I have really been lacking in my writing here. As some of you know, I had a little girl in June. She is quite the handful & I'm still learning how to take care of this high needs little girl on a daily basis. But even so, I've only written twice since May.
But today, I realized that I need a place to use my writing as an outlet - a place for my brain to go when I just need to let my feelings out or when I'd like to share about a difficult part of my life. Today's topic you ask? Breastfeeding...dairy-free.
I have never really had to give anything up. With the exception of certain obvious, but necessary obligations while pregnant. But, alas, having a baby changes more than you could ever think possible. Including (apparently) my diet. I discovered a few weeks ago that broccoli was not an option. Her tummy gets very upset whenever I eat it. & frankly - I don't know if I've been trying to deny it, or just trying to delay it, but - milk does the same thing.

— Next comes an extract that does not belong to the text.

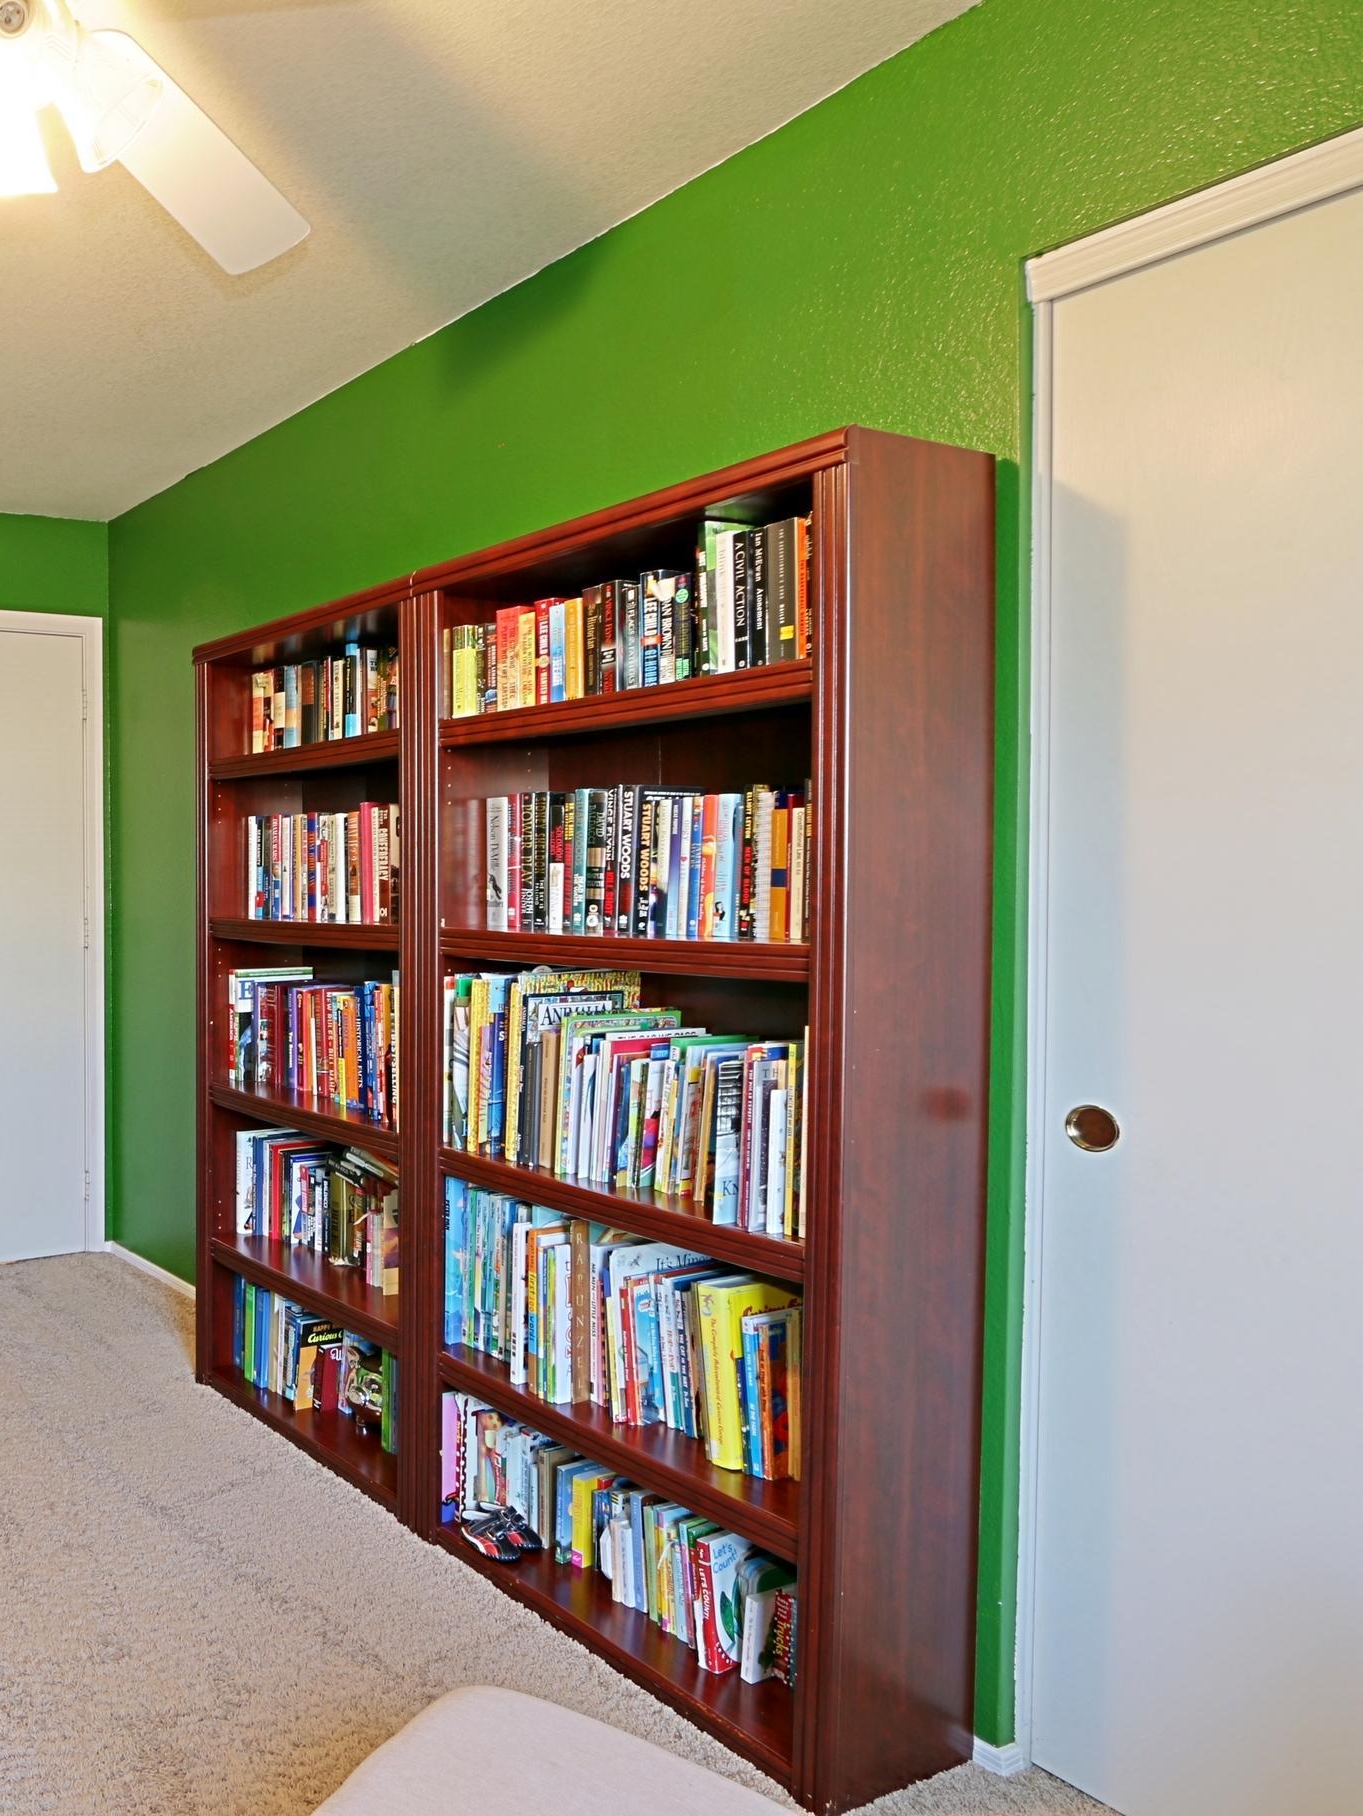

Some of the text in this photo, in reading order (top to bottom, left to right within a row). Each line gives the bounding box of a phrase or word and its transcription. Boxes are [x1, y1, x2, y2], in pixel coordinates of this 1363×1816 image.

As a person who has at least a bowl of cereal a day & loves ice cream, this fact has truly shaken me. It sounds silly, maybe, but having to eliminate the normal dairy is tough. I have had to go on the search for non-dairy milk (coconut & almond) along with ice cream. The substitutes are okay, but they aren't the real thing. I just don't find these foods enjoyable anymore. :(
But honestly, I've given up so much for this little girl. There's nothing I wouldn't do for her. To be dairy free for her is a small price to pay to make sure she continues to get the benefits of breastmilk for at least the first year of her life. But, I will probably breastfeed as long as she wants to.
When it comes down to it, my little girl & her health is more important than milk. But, thus begins a new journey...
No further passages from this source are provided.